The second phantom was a uniform cylinder of 7.6 cm high with an inner radius of 20 mm. This phantom was also utilized to compare image quality obtained using the FBP, OSEM and PDEM. Imaging scan time was 1200 s using the microPET R4 after injection of 276 μCi F-18 FDG. Three reconstruction techniques were applied to reconstruct the 40th slice (in Fig. 3.2.2-2). Reconstruction images were presented with the associated central line profiles. Reconstruction images obtaining using the PDEM had better quality than those generated by the FBP and OSEM on their line profiles. A circular region of interest (ROI) was employed to measure the noise level for the different reconstruction methods. The lowest value for coefficient of variation (CV), which is the ratio of standard deviation to mean, was obtained by using the PDEM reconstruction (in Table 3.2.2-2).

Fig. 3.2.2-2. The reconstructed 40th slice from a uniform phantom was used to investigate noise level generated by the three approaches. The white line indicates the position of the investigated line profile. All images were rescaled using their own maximum values. The images are shown in the rectangular window with enlarged central parts. Table 3.2.2-2 presents the comparisons of their CVs.

Table 3.2.2-2: A circular ROI with a radius of 9 pixels to the center of the uniform phantom was utilized to compare noise levels between the PDEM, FBP and OSEM.

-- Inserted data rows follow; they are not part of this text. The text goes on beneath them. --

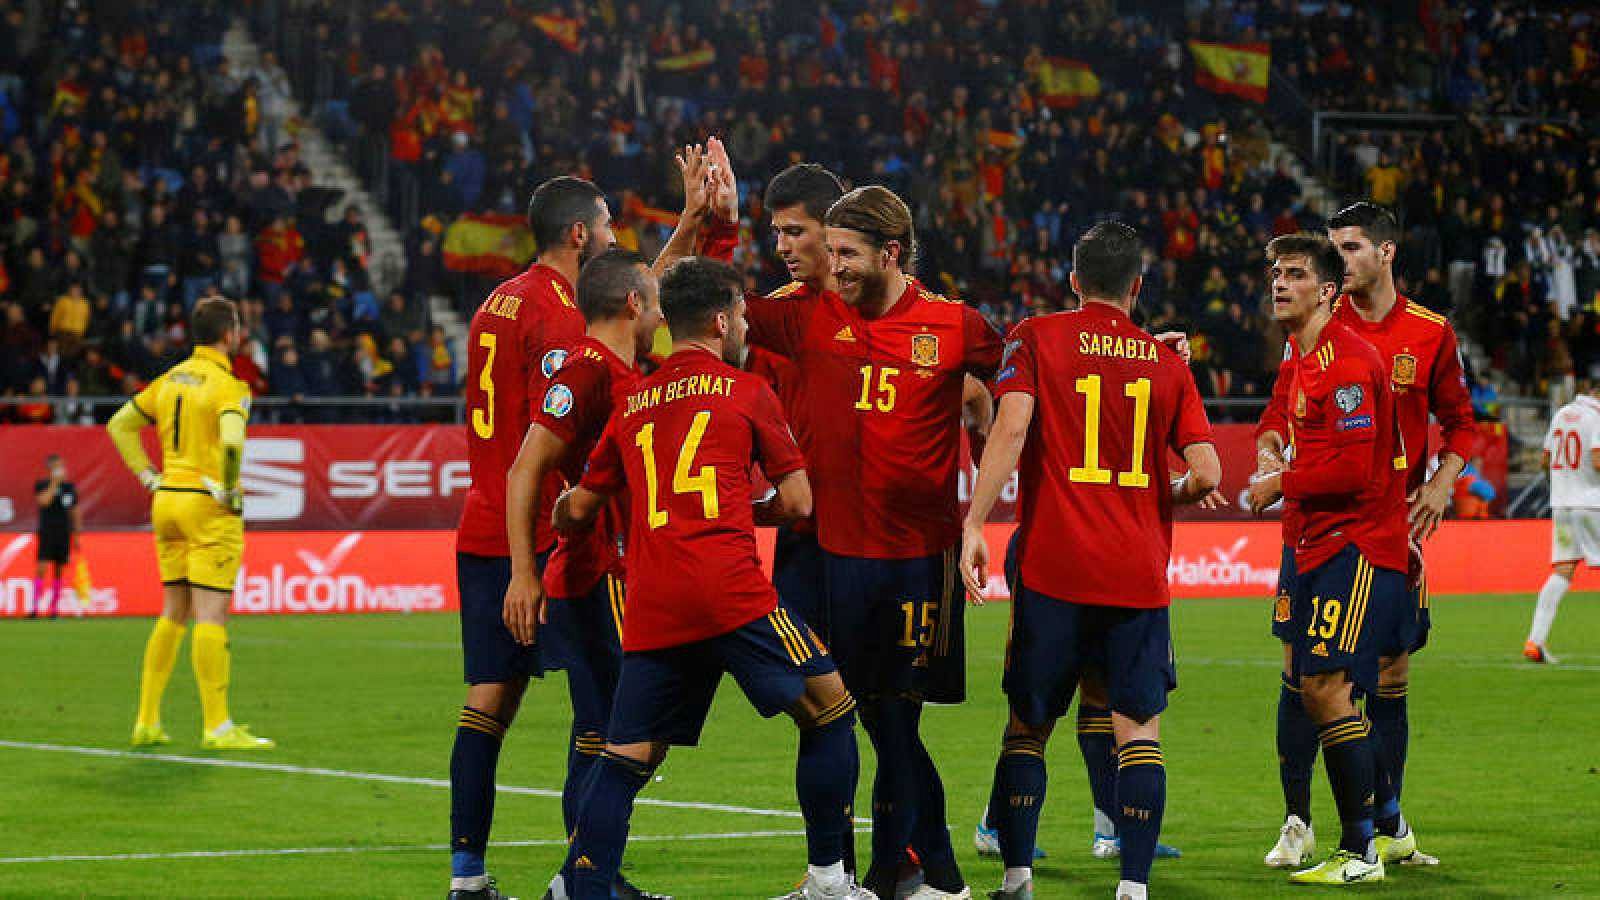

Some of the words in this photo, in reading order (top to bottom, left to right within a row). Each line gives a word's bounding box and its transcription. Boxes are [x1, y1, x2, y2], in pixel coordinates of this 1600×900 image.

[1079, 331, 1159, 363] SARABIA
[471, 332, 497, 439] 3
[623, 386, 663, 418] JUAN
[666, 373, 736, 403] BERNAT
[855, 364, 900, 413] 15
[172, 392, 185, 452] 1
[1069, 373, 1152, 489] 11
[635, 410, 720, 530] 14
[1551, 427, 1583, 471] 20
[896, 601, 938, 647] 15
[1307, 596, 1341, 639] 19
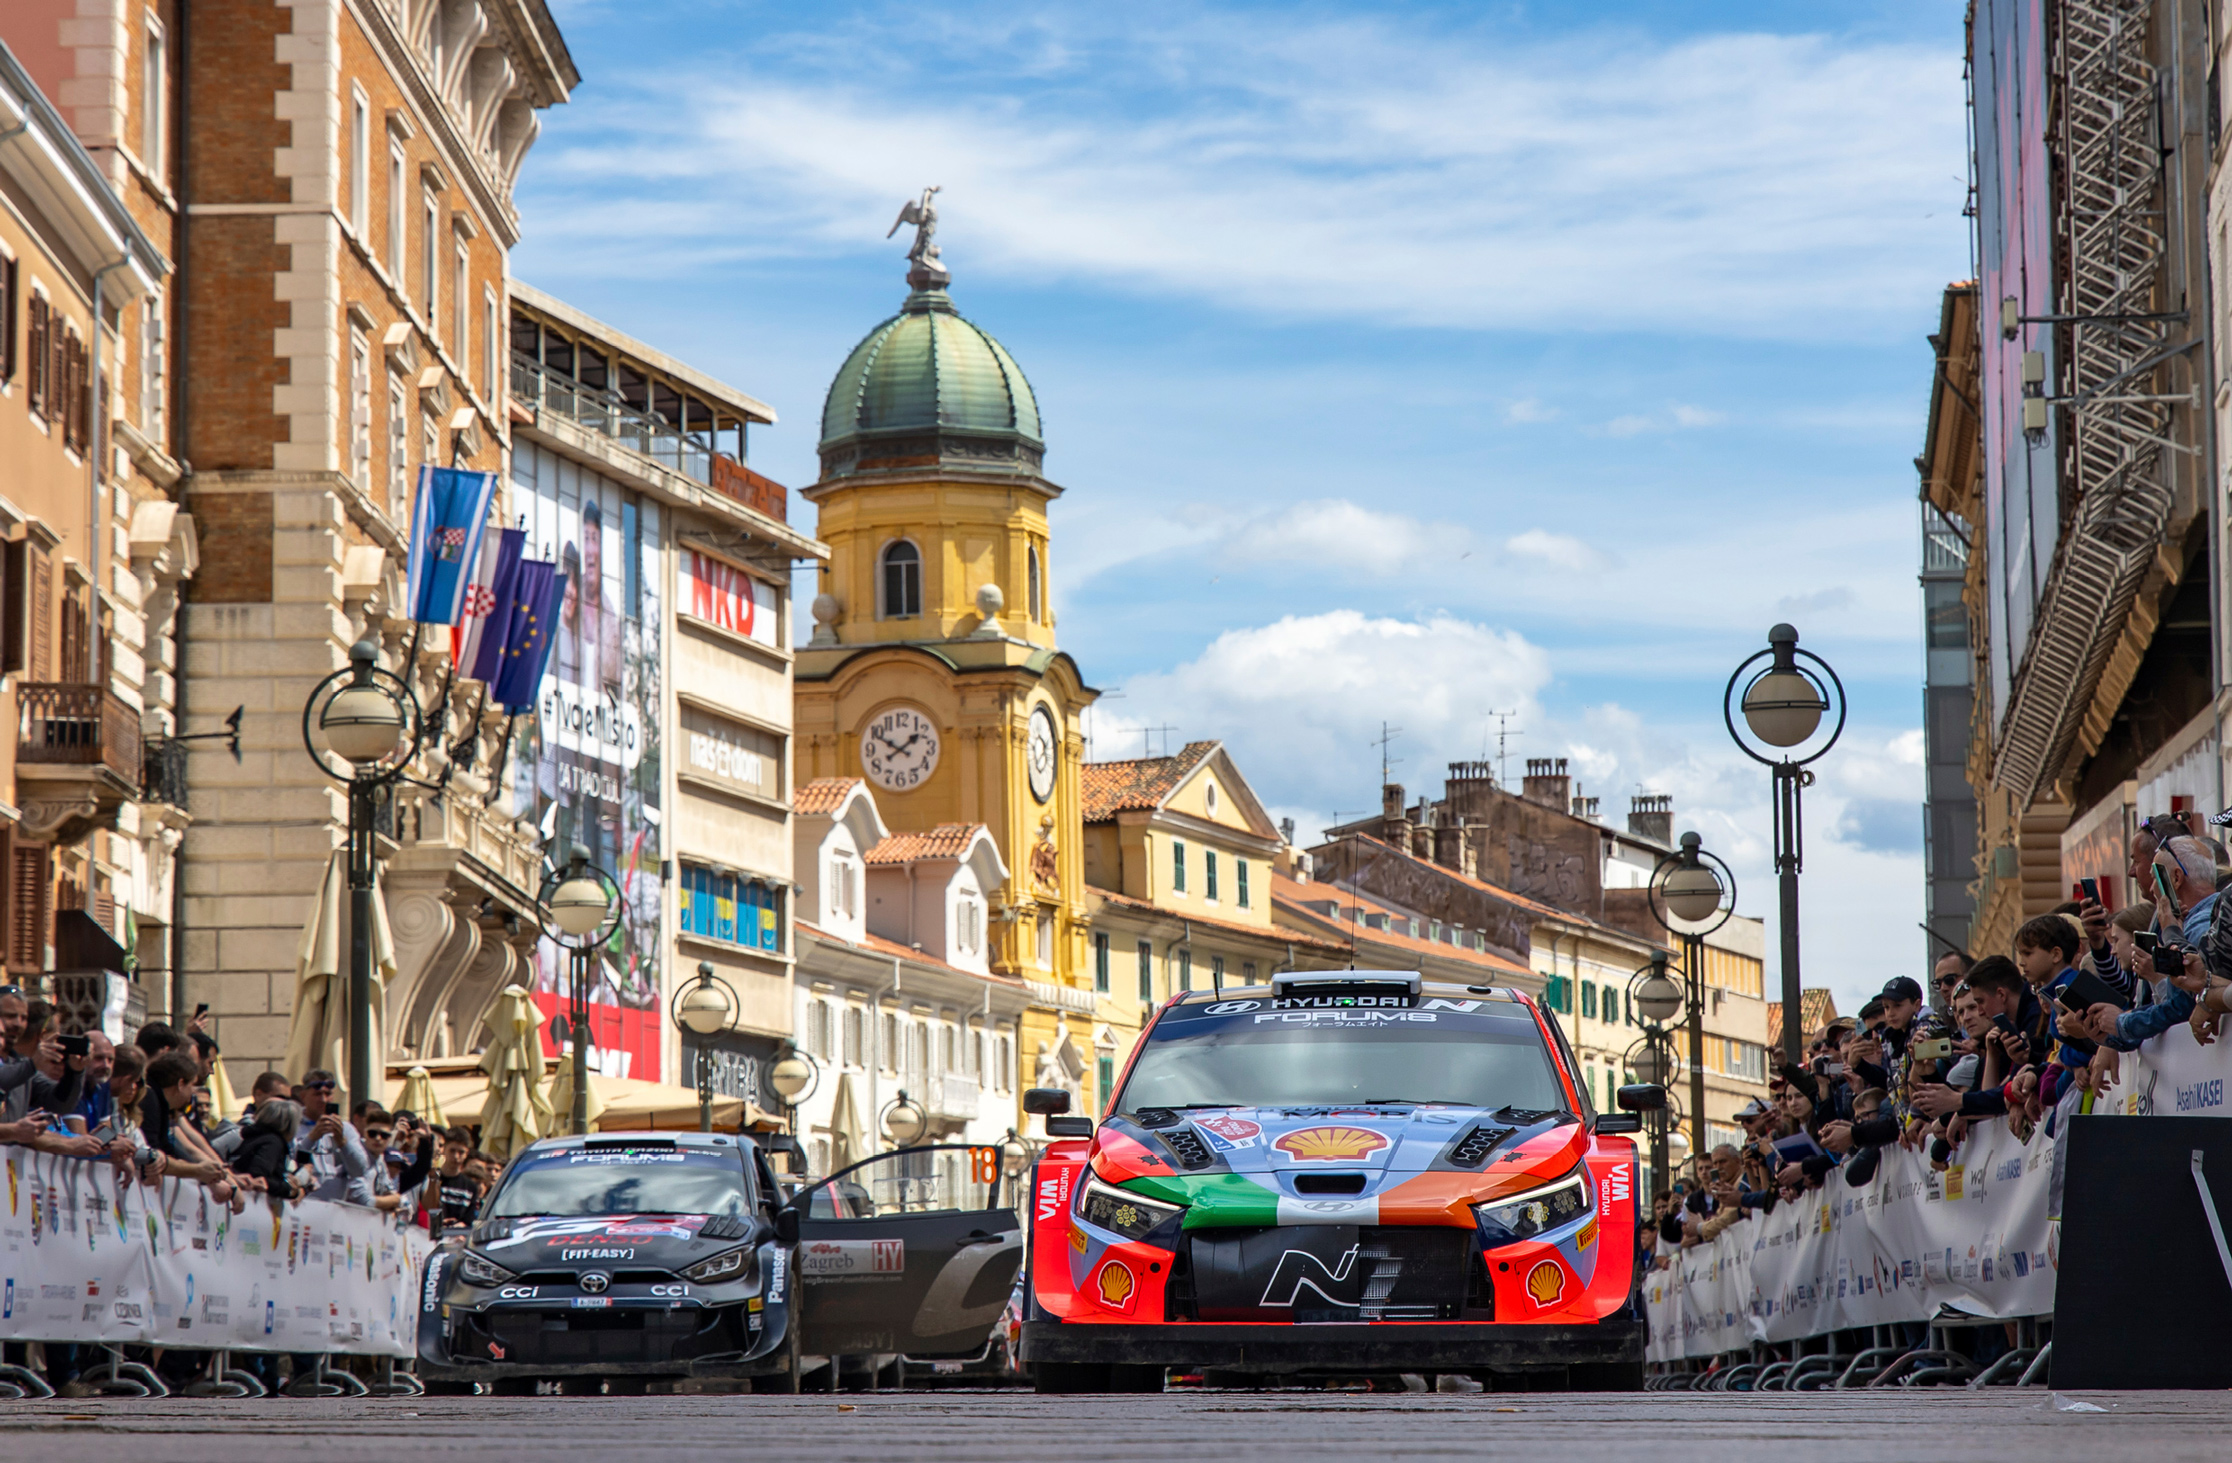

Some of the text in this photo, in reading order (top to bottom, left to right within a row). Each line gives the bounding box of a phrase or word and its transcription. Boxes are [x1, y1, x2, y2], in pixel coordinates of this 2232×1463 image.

[692, 551, 754, 638] NKD
[884, 716, 893, 732] 11
[896, 712, 909, 729] 12
[914, 716, 919, 732] 1
[871, 725, 884, 741] 10
[920, 724, 929, 740] 2
[865, 742, 876, 758] 9
[926, 740, 936, 757] 3
[871, 759, 882, 776] 8
[921, 755, 930, 771] 4
[884, 769, 893, 785] 7
[895, 771, 906, 787] 6
[909, 767, 919, 784] 5
[1271, 996, 1409, 1009] HYUNDAI
[1254, 1011, 1438, 1025] FORUM8
[1282, 1110, 1458, 1125] MOBIS
[569, 1153, 686, 1164] FORUM8
[968, 1146, 998, 1184] 18
[1058, 1167, 1070, 1202] HYUNDAI
[1601, 1179, 1611, 1216] HYUNDAI
[547, 1234, 654, 1246] DENSO
[873, 1241, 902, 1271] HY
[767, 1246, 787, 1304] Panasoni

Those values were measured at the 40th reconstructed slice.

PDEM FBP OSEM

Average 1146.51 1107.66 1105.36

Standard deviation 36.26 46.82 65.56

Coefficient of variation (%) 3.16 4.23 5.93

The PDEM reconstructed better quality images with lower noise levels than the reconstructed approaches built into the microPET R4 system during investigations of line and uniform phantoms. Notably, in all reconstruction processing, there was no attenuation, scatter, normalization, or arc correction. However, dead time and decay correction were applied when rebinning 3D sinograms into 2D data.

3.2.3 Real Mouse Study

The PDEM method was applied to real data for small mice to compare the quality of reconstructed images with those reconstructed using the FBP and OSEM. These two real normal mice weighed 20 g. Imaging scan time was 600 second using the microPET R4 following an injection of 0.226 μCi F-18 FDG for the first mouse and an injection of 240.5 μCi F-18 FDG for the second mouse. The first mouse was utilized to investigate reconstruction performance under a weak amount of F-18 FDG activity. The second mouse was used to investigate image quality under a normal amount of F-18 FDG.

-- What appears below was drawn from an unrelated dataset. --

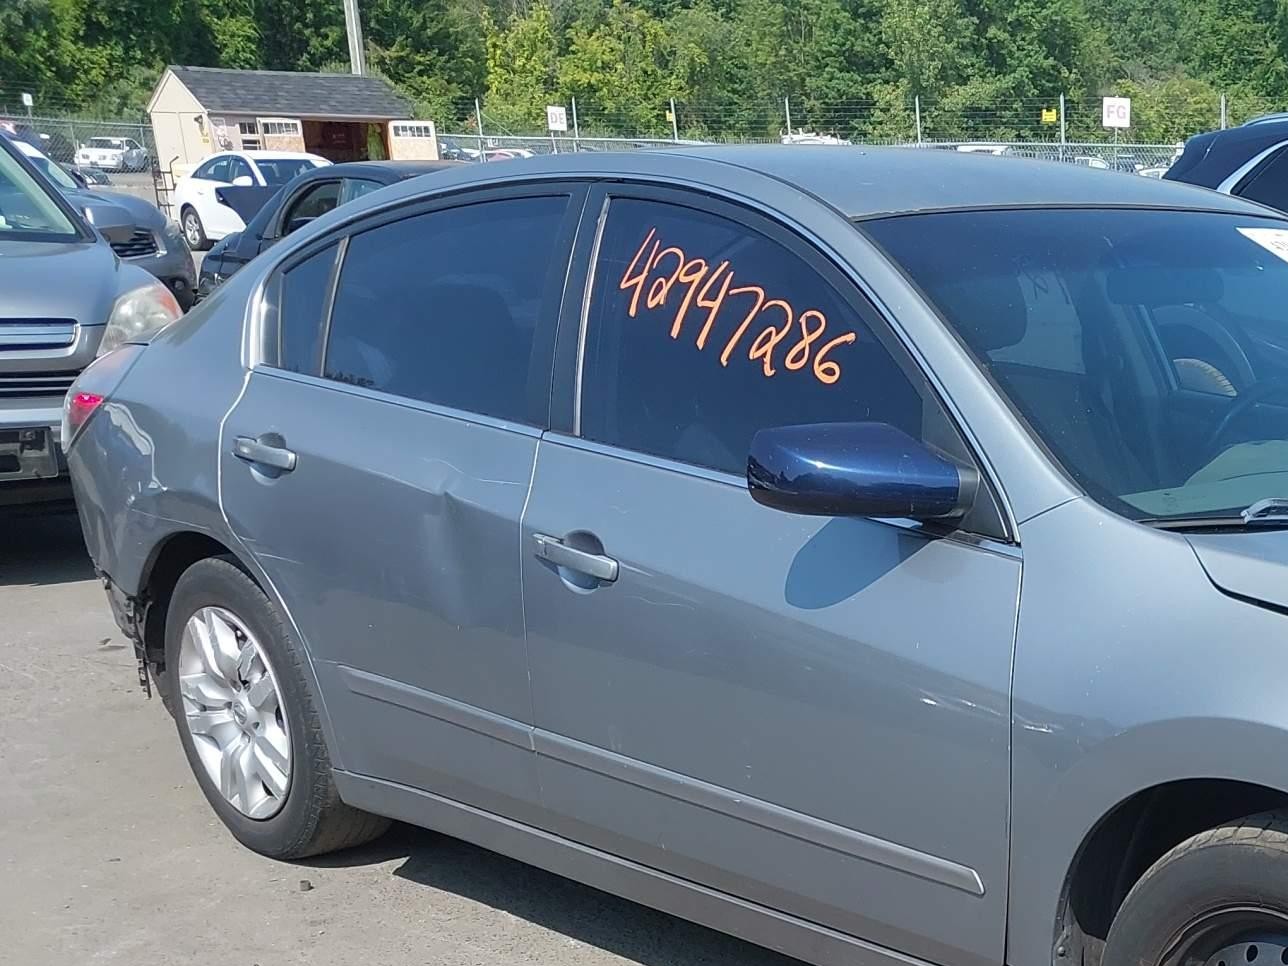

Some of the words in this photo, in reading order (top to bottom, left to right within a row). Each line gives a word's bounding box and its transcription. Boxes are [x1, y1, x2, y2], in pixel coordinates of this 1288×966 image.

[550, 112, 565, 125] DE
[1106, 104, 1127, 120] FG
[620, 227, 856, 384] 42947286

All 63 slices after the FORE were reconstructed using the PDEM, FBP and OSEM.

Figures 3.2.3-1 and 3.2.3-2 present coronal and sagittal images of the two mice reconstructed by the PDEM. These images are less noisy and have clearer boundaries than those reconstructed by the FBP and OSEM. These results demonstrate that the PDEM reconstructed images with better contrast and clearer boundaries than those reconstructed with the FBP and OSEM.

Fig. 3.2.3-1: Sagittal (top) and coronal (middle) images of the first mouse image reconstructed by PDEM (left), FBP (middle) and OSEM (right). The images reconstructed by PDEM have less noise than those reconstructed using FBP and OSEM with comparison by line profiles. The images are shown in the rectangular window with enlarged central parts.

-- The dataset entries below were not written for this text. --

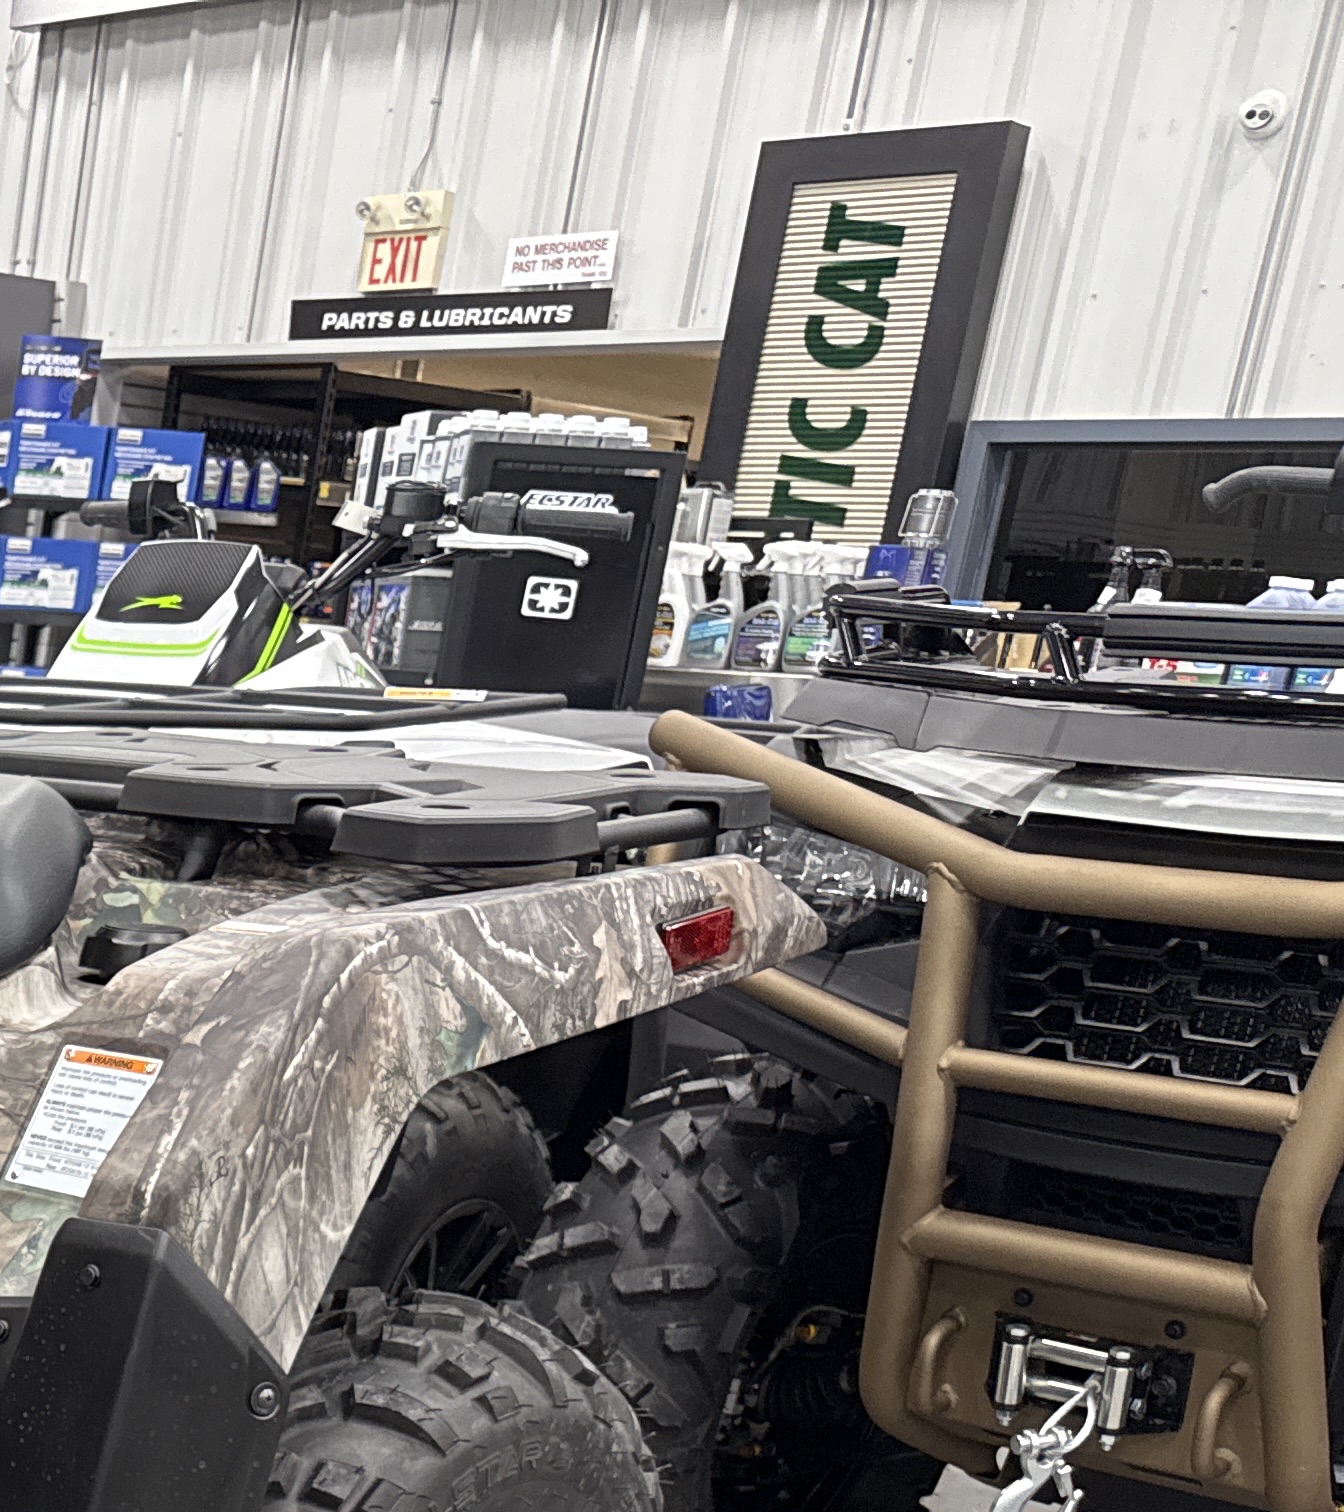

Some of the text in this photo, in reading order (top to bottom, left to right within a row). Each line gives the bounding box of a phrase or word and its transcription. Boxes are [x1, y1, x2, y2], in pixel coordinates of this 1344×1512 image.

[514, 238, 610, 258] NO MERCHANDISE
[367, 234, 428, 286] EXIT
[511, 259, 538, 274] PAST
[541, 257, 564, 271] THIS
[803, 199, 908, 370] CAT
[321, 304, 574, 331] PARTS & LUBRICANTS
[22, 352, 81, 368] SUPERIOR
[20, 364, 82, 379] BY DESIGN
[767, 396, 869, 529] TIC
[93, 1055, 135, 1071] WARNING

Fig. 3.2.3-2. Coronal and sagittal images of the second mouse image reconstructed using PDEM (left), FBP (middle) and OSEM (right). The images reconstructed by PDEM have less noise than those reconstructed by FBP and OSEM, as shown in the respective line profile near the heart. The images are shown in the rectangular window with enlarged central parts.

3.3 Segmentation of 3D MicroPET Images

This section introduces the use of GMM to segment 3D microPET images from the reconstruction images by the PDEM.

3.3.1 3D Images

Figure 3.1-3 shows the data matrices used for reconstruction and segemtation.

There are 703 sinograms obtained by the 3D microPET with span 3 and MRD 31. We applied the FORE on prompt and delay sinograms to obtain 63 sinograms. Each 2D sinogram was reconstructed by the PDEM. In this study, each slice has the size of 96

x 84 and each reconstructed images has the size of 128 x 128. A matrix with the dimension of 63 x 128 x 128 was used for segmentation by the GMM and K-means algorithms. The analysis flow chart to segment 3D images is displayed in Fig. 3.3.1-1.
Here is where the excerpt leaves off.